Good suggestions, I'm open to this and other thoughts. If I understand correctly, it sounds like organizing by year first, students second, and courses third.

AbyssalRemark commented 4 months ago

I do definitely thing this absolutely needs some organization asap. I think primarily we need to make some decisions on what the design ideology of the mono repo is. It currently is A, a compilation of work though years and B, wants to be living continuous projects from people. I think doing both of these makes things strange. Unless, projects are not tied to classes.

Might I propose upper-division-cs/<subject>/<YEAR>/ maybe upper-division-cs/<subject>/<YEAR>/<quarter>/? or upper-division-cs/<subject>/<YEAR-quarter>/ ? My thought process is that the living"ness" of this repo is to create access to examples and learning going forward. for given subjects. So in the long term. the subjects is what we care about most, no? that way things that want to live longer then a quarter or a year even, they can exist in the broader scope of a subject.

With maybe an outer folder called projects that live as things on there own outside of a subject. If they are to be here at all. I don't particularly feel like they should. But if they were to continue to, that would possibly be the best idea.

I also think the use of sub modules is perhaps advantageous so we can connect projects and peoples work into this in a meaningful way but as we have experience this causes some complications, but at least then you wouldn't need to grab everything all the time as this expands. Its good to think through what the longevity of this should be, assuming it even can be. if its left to grow unchecked with any organization its going to become unusable faster rather then slower.

learner-long-life commented 4 months ago

@WinstonShine mentioned wanting subdirectories to organize our wiki pages.

We might consider self-hosting our wiki in markdown files with Gollum, which now supports folders.

https://github.com/gollum/gollum

learner-long-life commented 4 months ago

@ddnsc @AbyssalRemark this seems well thought out, thanks for the plan. would you and/or @AkinaSS like to gather more feedback from community members or if you feel ready, coordinate the migration?

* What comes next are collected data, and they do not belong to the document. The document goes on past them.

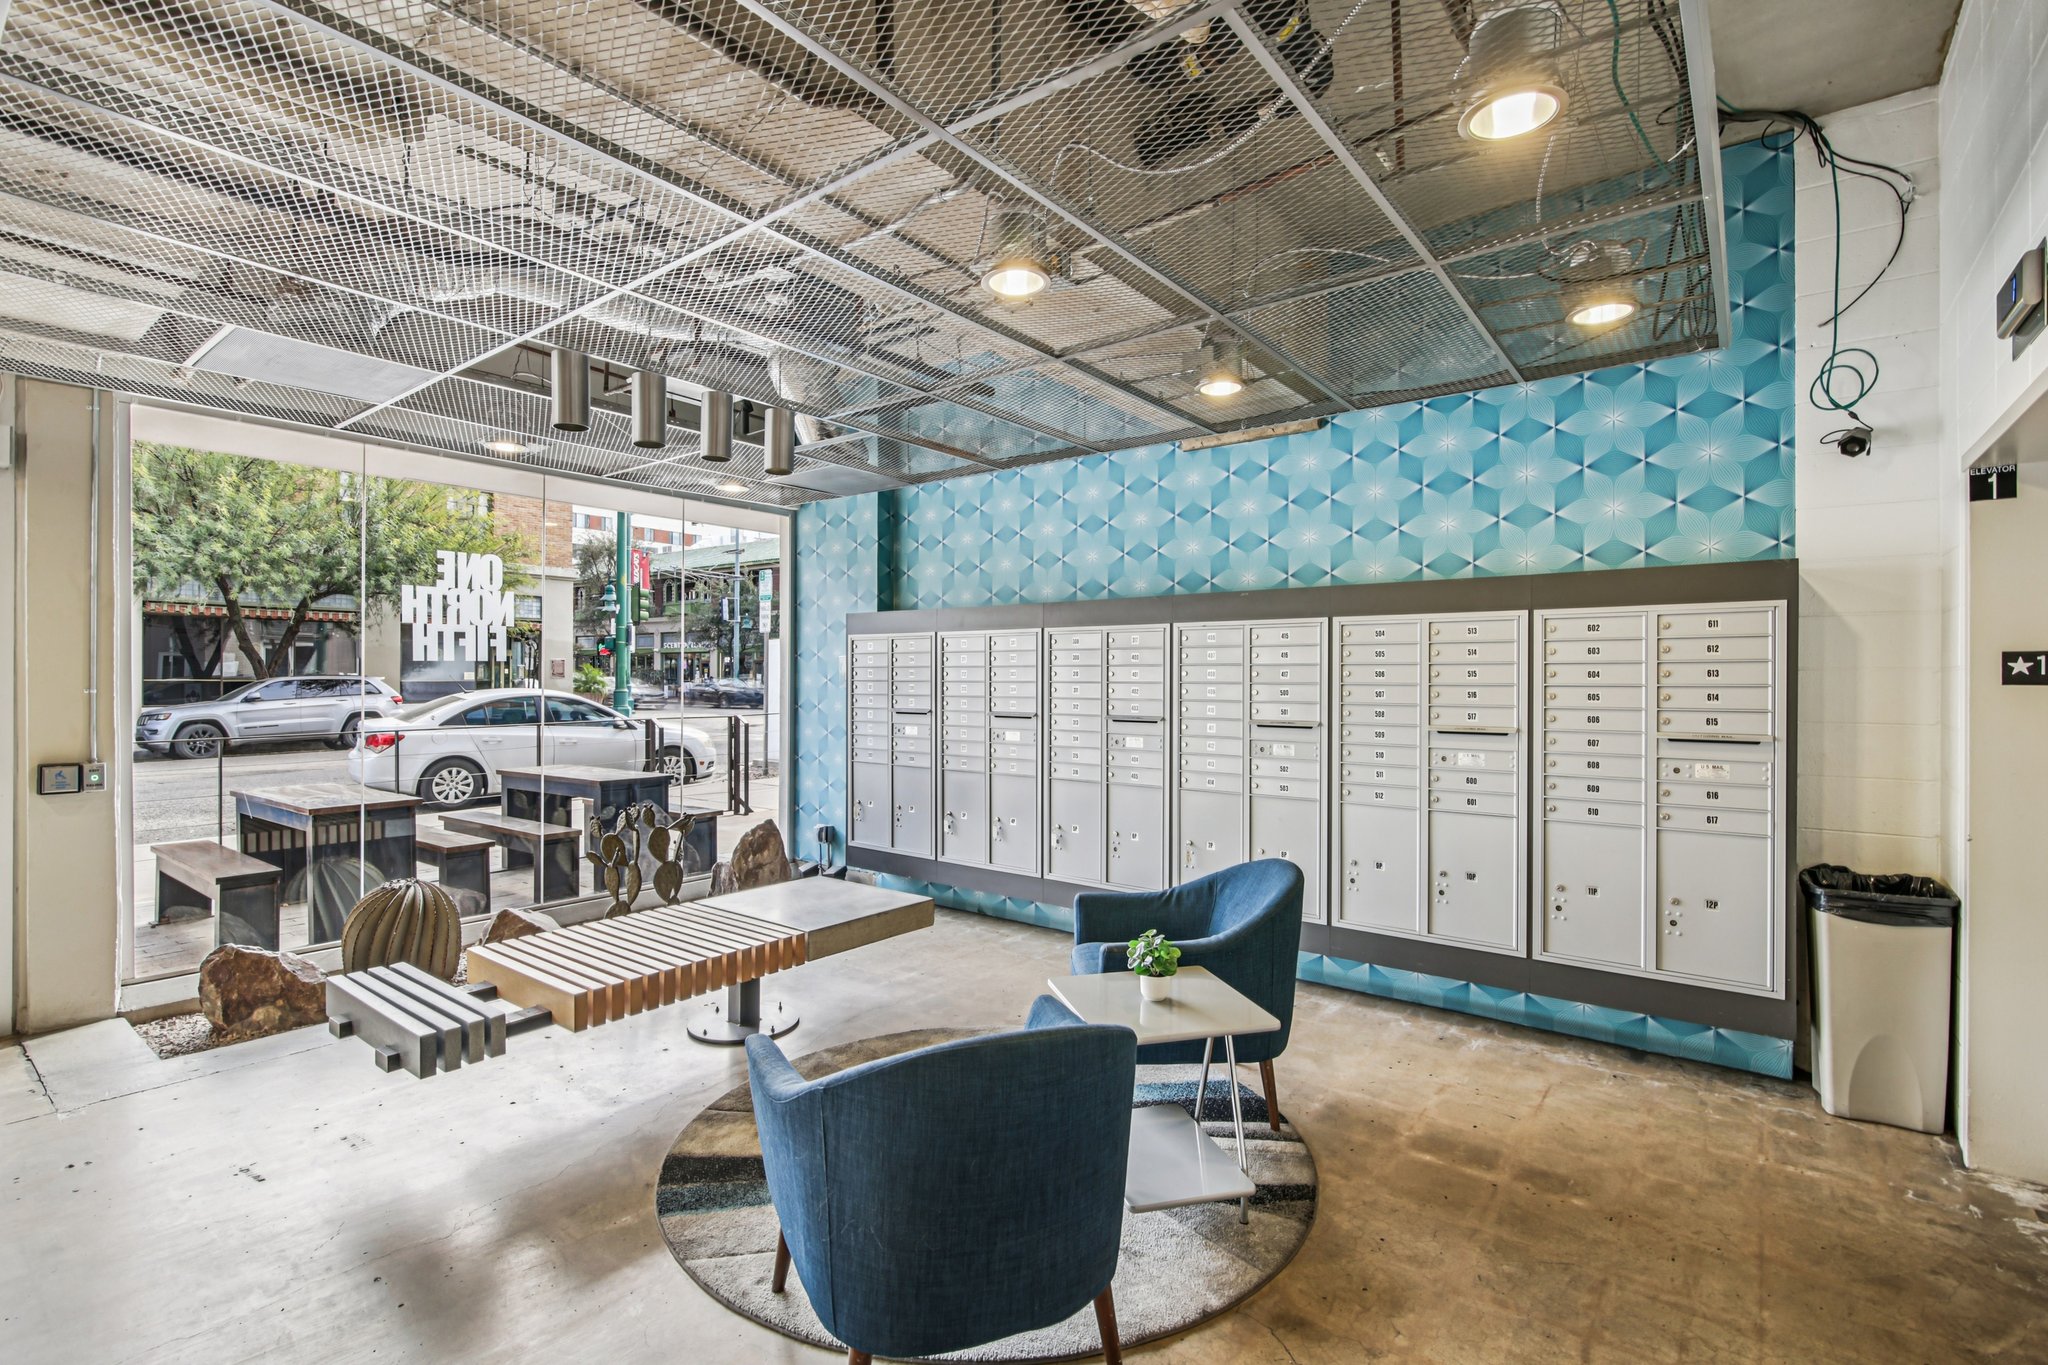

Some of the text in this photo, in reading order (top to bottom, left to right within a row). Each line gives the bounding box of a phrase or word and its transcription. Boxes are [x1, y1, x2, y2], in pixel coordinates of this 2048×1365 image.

[1970, 464, 2016, 476] ELEVATOR
[1987, 473, 1998, 500] 1
[1587, 623, 1601, 633] 602
[1707, 619, 1719, 628] 611
[1375, 630, 1385, 638] 504
[1467, 627, 1478, 635] 513
[1280, 632, 1289, 640] 415
[1467, 648, 1477, 656] 514
[1587, 646, 1601, 655] 603
[1706, 644, 1720, 653] 612
[1280, 651, 1289, 659] 416
[1374, 650, 1386, 658] 505
[2036, 655, 2046, 676] 1
[1374, 670, 1385, 678] 506
[1467, 670, 1478, 678] 515
[1587, 670, 1600, 679] 604
[1706, 669, 1720, 678] 613
[1279, 689, 1289, 697] 500
[1374, 690, 1385, 698] 507
[1467, 691, 1478, 699] 516
[1587, 693, 1601, 702] 605
[1706, 693, 1719, 702] 614
[1280, 708, 1289, 716] 501
[1374, 710, 1385, 718] 508
[1467, 712, 1477, 721] 517
[1587, 715, 1600, 724] 606
[1705, 717, 1719, 727] 615
[1374, 731, 1385, 739] 509
[1587, 738, 1600, 747] 607
[1375, 751, 1385, 759] 510
[1279, 765, 1289, 773] 502
[1586, 760, 1600, 770] 608
[1375, 770, 1384, 778] 511
[1465, 776, 1478, 785] 600
[1279, 784, 1289, 792] 503
[1586, 784, 1600, 793] 609
[1374, 791, 1384, 800] 512
[1706, 790, 1719, 800] 616
[1466, 798, 1477, 806] 601
[1587, 807, 1599, 817] 610
[1706, 815, 1719, 825] 617
[1375, 861, 1383, 870] 9P
[1466, 872, 1477, 881] 10P
[1587, 887, 1598, 896] 11P
[1705, 899, 1719, 910] 12P

I'm hearing the need to reduce conflicts between different individual students' work and also give collaborative projects and equal place to live. My request is to keep the work for a particular quarter together, perhaps with symlinks, so that students can read and understand each other's work. Contributing to the same source is an important skill, but one which can be deferred to independent study contracts or self-elected teams.

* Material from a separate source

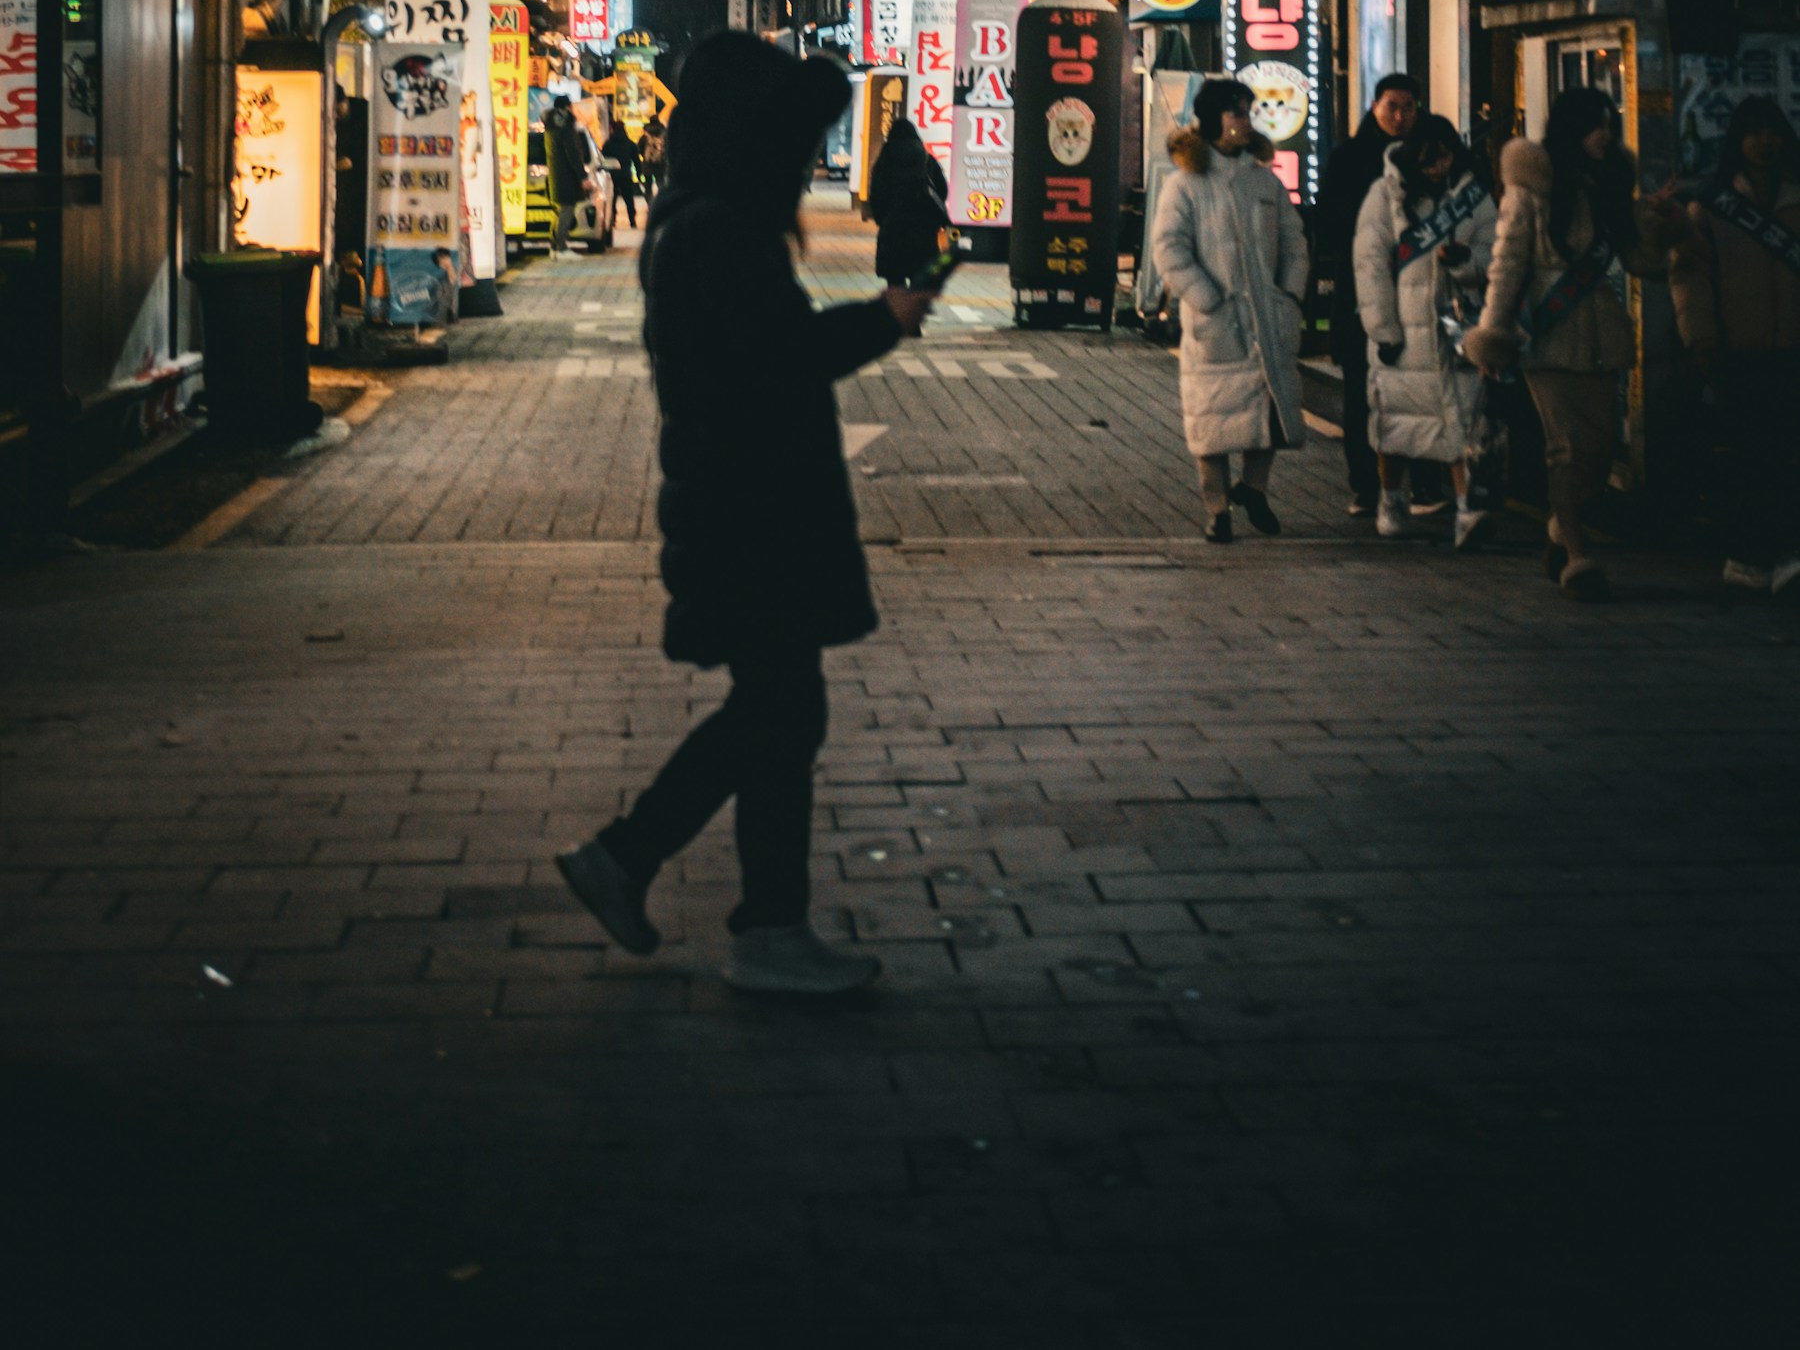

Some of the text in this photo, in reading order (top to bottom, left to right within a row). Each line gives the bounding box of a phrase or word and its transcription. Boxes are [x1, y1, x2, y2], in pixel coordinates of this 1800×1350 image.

[1048, 35, 1098, 85] 냥
[968, 21, 1013, 152] BAR
[967, 191, 1005, 222] 3F
[1042, 176, 1093, 222] 코

We've found a way to work with submodules and ignore spurious changes, so that could be a way to link related class projects.

The wiki files live in their own sibling repo currently, which has plusses and minuses.

AkinaSS commented 2 months ago

I don't know what's the exact thing that we need to do to solve but both of the previous ideas seem like a great option, albeit I'm just looking for reorganized small folders inside, but with the current work that we have, if we were to share this repo for next year then it's best to reorganize them by years and quarters?

learner-long-life commented 2 months ago

Thanks everyone for feedback.

Here are some (separation of) concerns I see while organizing the repo

Here are some steps I see while learning git

  1. Learn pushing and pulling in a one-user-one-repo main branch first.
  2. Learn short-lived branching and git switching / checkout in one-user-one-repo, and merging 2b. advanced side-quest: learn about developing on long-lived branches and rebasing
  3. Learn about single-user conflicts (for example, pushing-pulling between multiple devices)
  4. In small groups of 2-3 users, learning push-pull-merge-resolve in a group repo.
  5. Eventually, join a group monorepo with 4 or more users.